Maximum projection of a confocal xyz anatomical stack showing GCaMP6-expressing neurons in the mouse trigeminal ganglion.

What has surprised you the most while conducting your research?

While conducting the research documented in this paper I was very impressed by the sensitivity and reliability of the muscle physiology experiments used. The muscle force and contractile characteristics were very reproducible between all animals at each of the designated time points, and the error bars for this data are considerably small. These tests were also able to distinguish muscle deficits before presentation of any symptoms. I was surprised to identify muscle deficits at such an early disease stage (6 months). Weight differences between wild-type and AR100 mice become very apparent through the disease course. However, we have shown that muscle deficits precede any disease-related decline in bodyweight in SBMA mice.
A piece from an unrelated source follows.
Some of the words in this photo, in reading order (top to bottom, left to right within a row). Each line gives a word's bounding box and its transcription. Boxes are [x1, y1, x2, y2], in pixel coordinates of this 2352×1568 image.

“[…] I was very impressed by the sensitivity and reliability of the muscle physiology experiments used.”

Describe what you think is the most significant challenge impacting your research at this time and how will this be addressed over the next 10 years?
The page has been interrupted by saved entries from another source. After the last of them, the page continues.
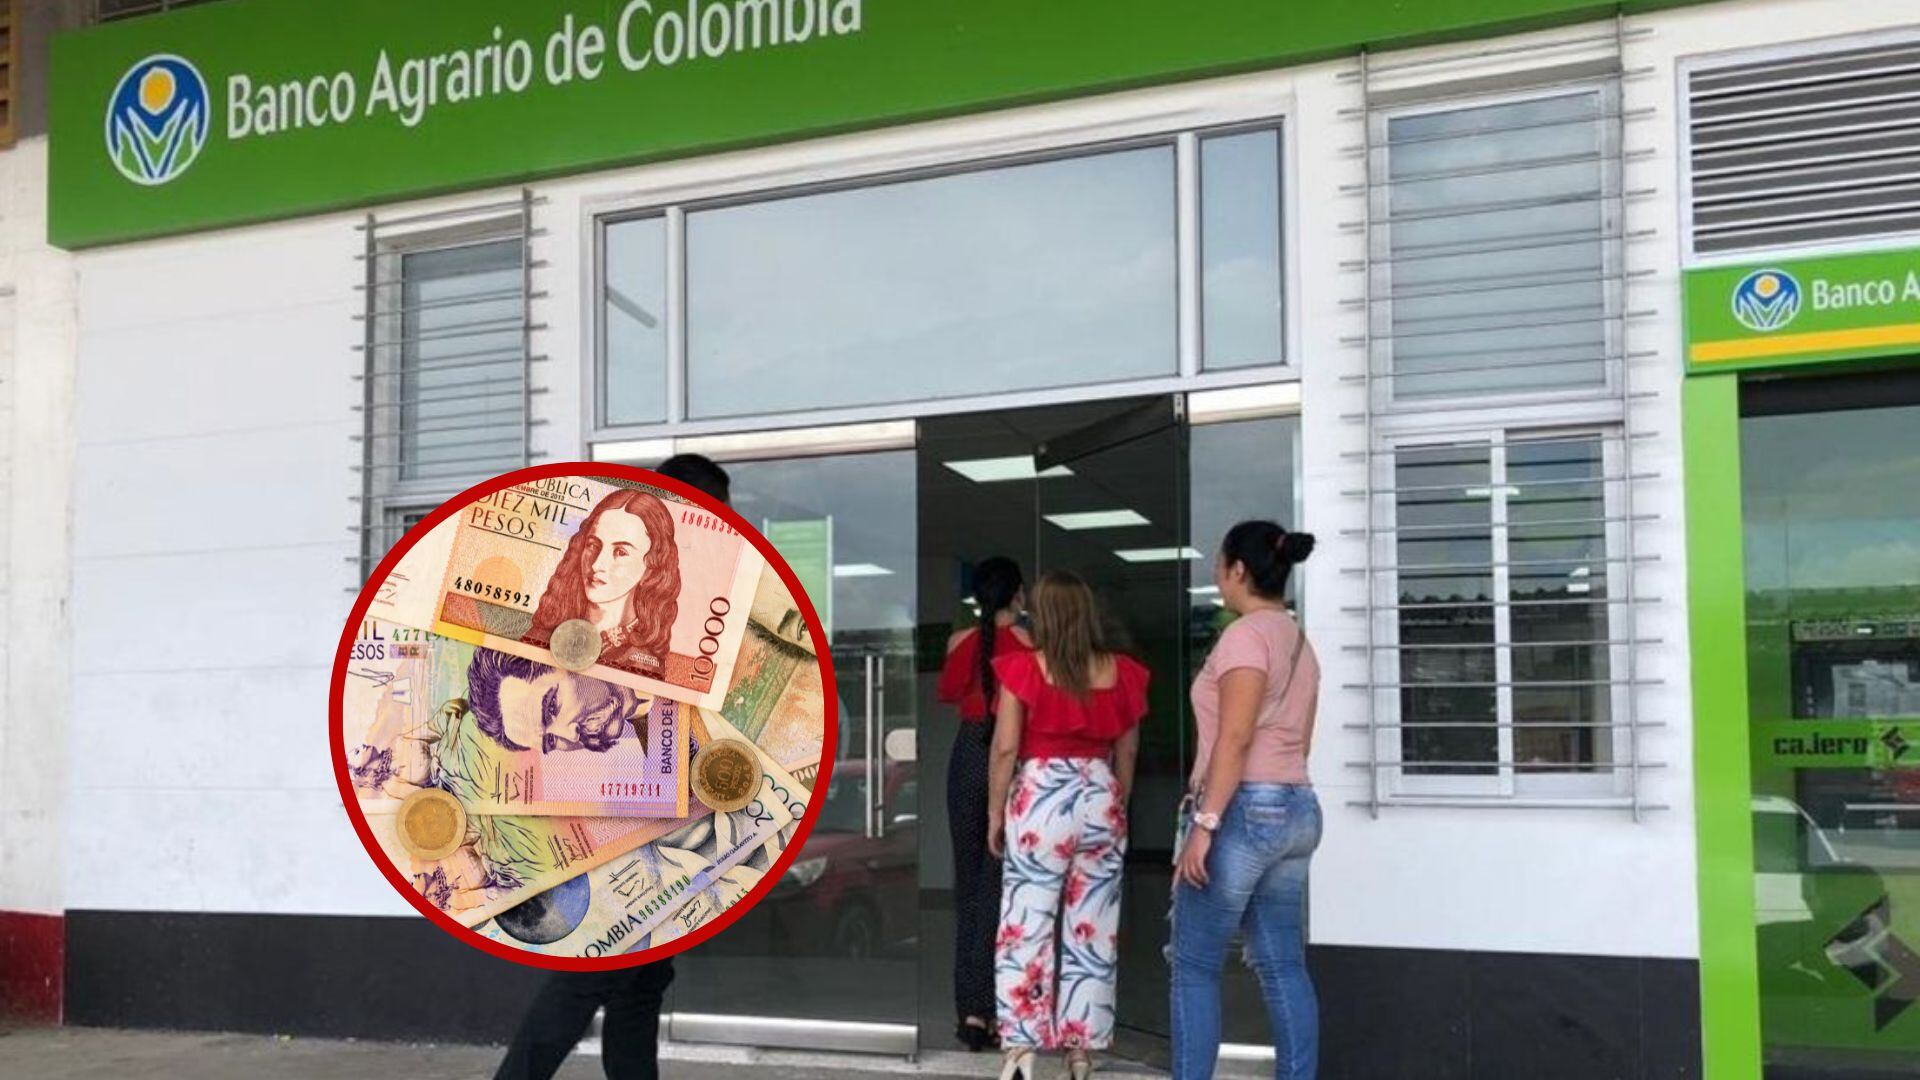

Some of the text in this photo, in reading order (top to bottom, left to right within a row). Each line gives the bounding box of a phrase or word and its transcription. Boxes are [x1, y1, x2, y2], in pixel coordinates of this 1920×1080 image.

[227, 0, 862, 139] Banco Agrario de Colombia
[1812, 279, 1895, 311] Banco
[1773, 731, 1868, 756] cajero
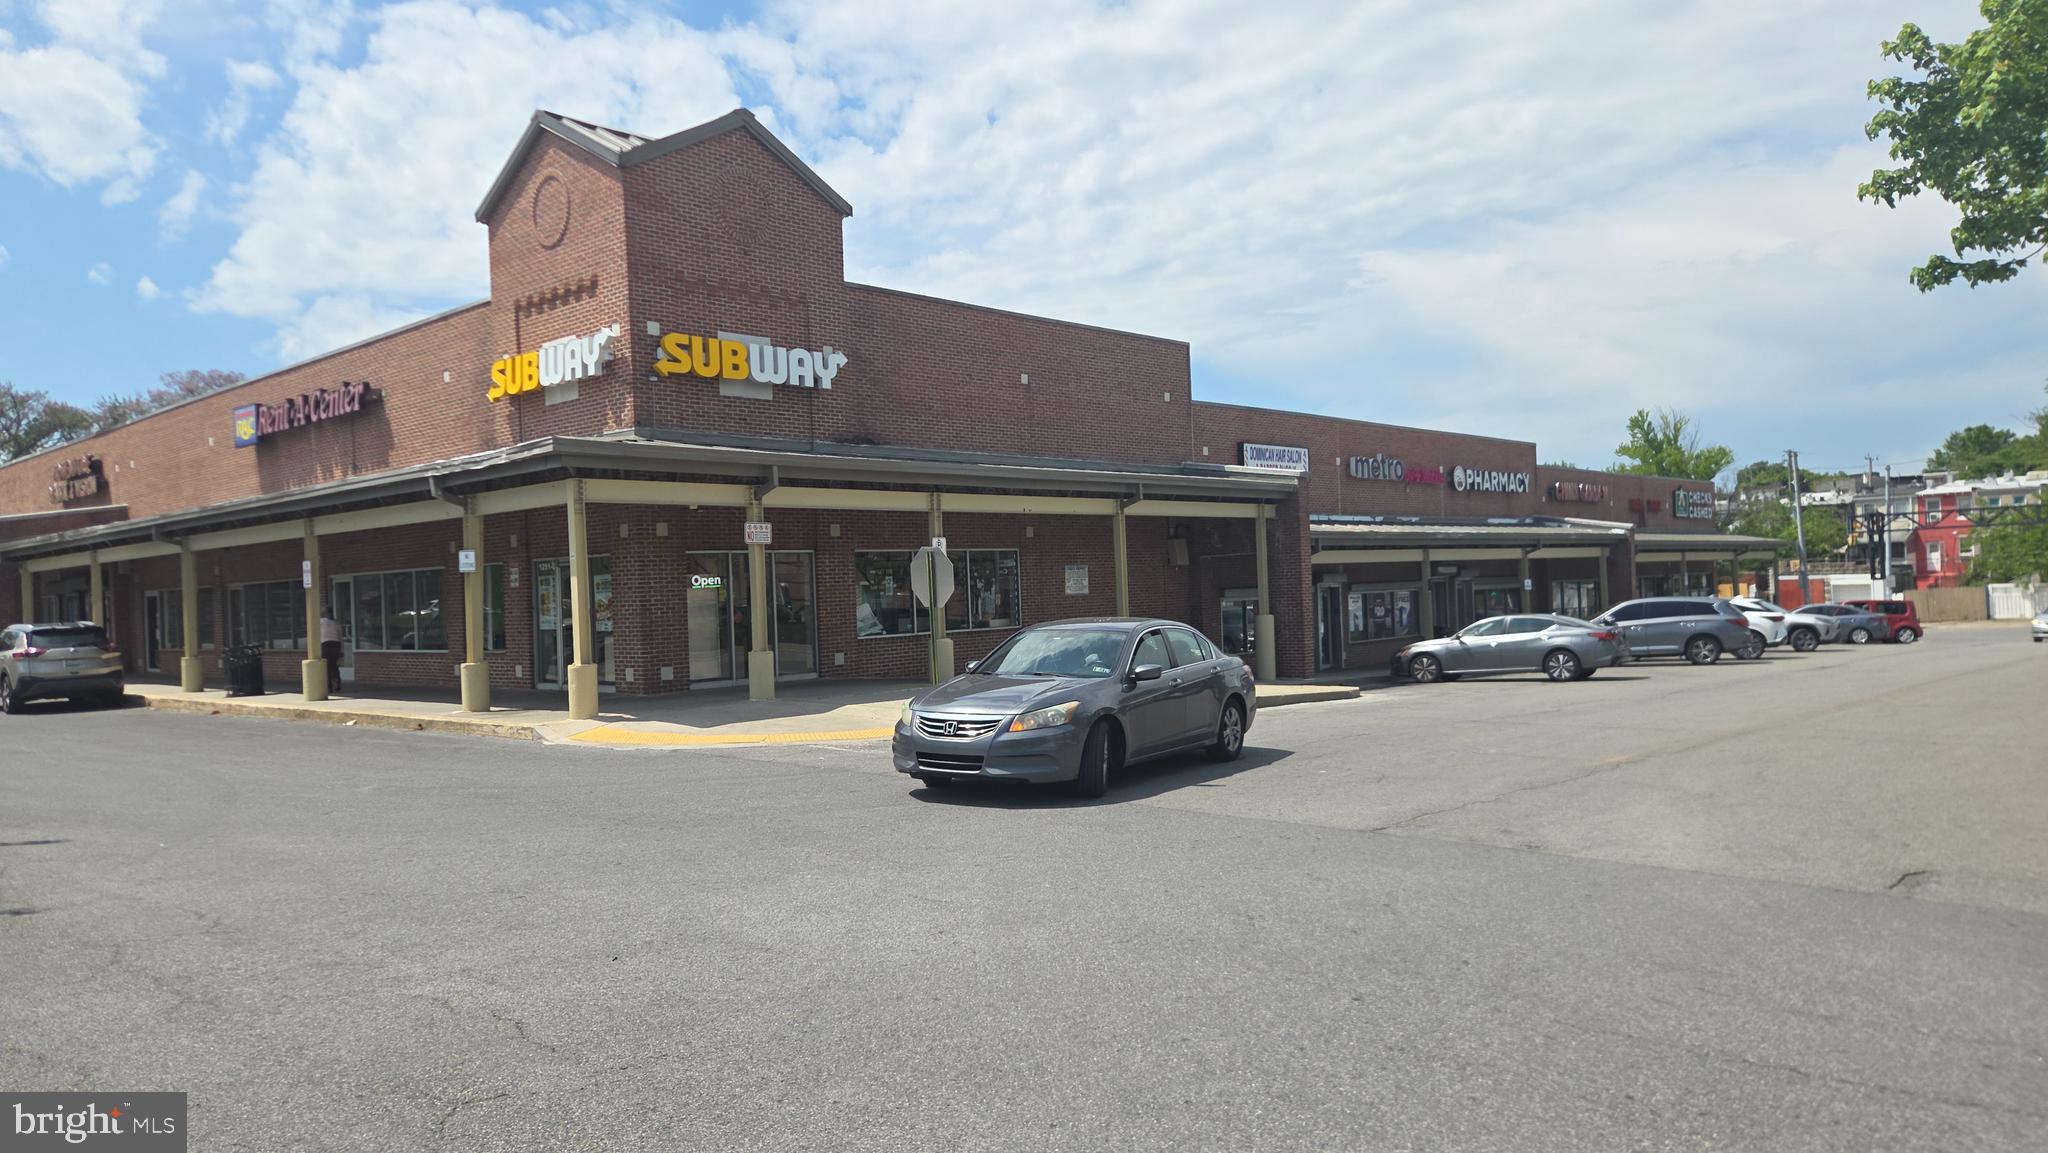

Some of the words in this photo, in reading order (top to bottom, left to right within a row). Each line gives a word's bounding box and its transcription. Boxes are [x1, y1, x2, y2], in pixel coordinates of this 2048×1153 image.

[486, 326, 615, 402] SUBWAY
[653, 332, 849, 389] SUBWAY
[1249, 446, 1274, 462] DOMINICAN
[1274, 448, 1286, 463] HAIR
[1286, 449, 1302, 464] SALON
[1351, 453, 1404, 481] metro
[1466, 469, 1530, 493] PHARMACY
[1689, 490, 1712, 504] CHECKS
[1689, 506, 1713, 519] CASHED
[691, 575, 721, 588] Open
I am currently using a Thy1-GCaMP6 transgenic mouse line to analyse calcium dynamics in the trigeminal ganglion in response to controlled stimuli. My biggest challenge at present is the sparse GCaMP6 expression within neurons. This makes it difficult to understand how representative the responding cells in our experiments are in the context of the neuronal population as a whole. In the coming years it would be good to develop a new mouse model using a different promoter, enabling in vivo recording from a larger proportion of the neuronal population.

What changes do you think could improve the professional lives of early-career scientists?

Our University provides many core facilities, which provide expertise and training for many of the techniques that we may utilise in our research. However, I feel that it would be beneficial to have more guidance in terms of how to promote ourselves as early-career researchers. Furthermore, it would be good to get support in this context from senior colleagues by ensuring our inclusion on lab web pages and the detailing of our research.

What's next for you?

I have now finished my PhD and am several years into my postdoctoral career. My current research encompasses live intravital microscopy, requiring intricate surgical methodologies, alongside confocal and multi-photon imaging. My initial endeavours focused on the implantation of cranial windows in transgenic Thy1-GCaMP6 mice and multiphoton imaging of calcium dynamics in the mouse cortex. However, in an initiative to explore novel imaging targets, I have established a decerebration model to expose the trigeminal ganglion at the base of the skull. This has not only enabled calcium imaging of this structure at the population level for the first time, but also allowed investigation into the response to certain stimulus paradigms. My objective now is to use this live in vivo imaging setup to study disease models and the effectiveness of potential therapeutics.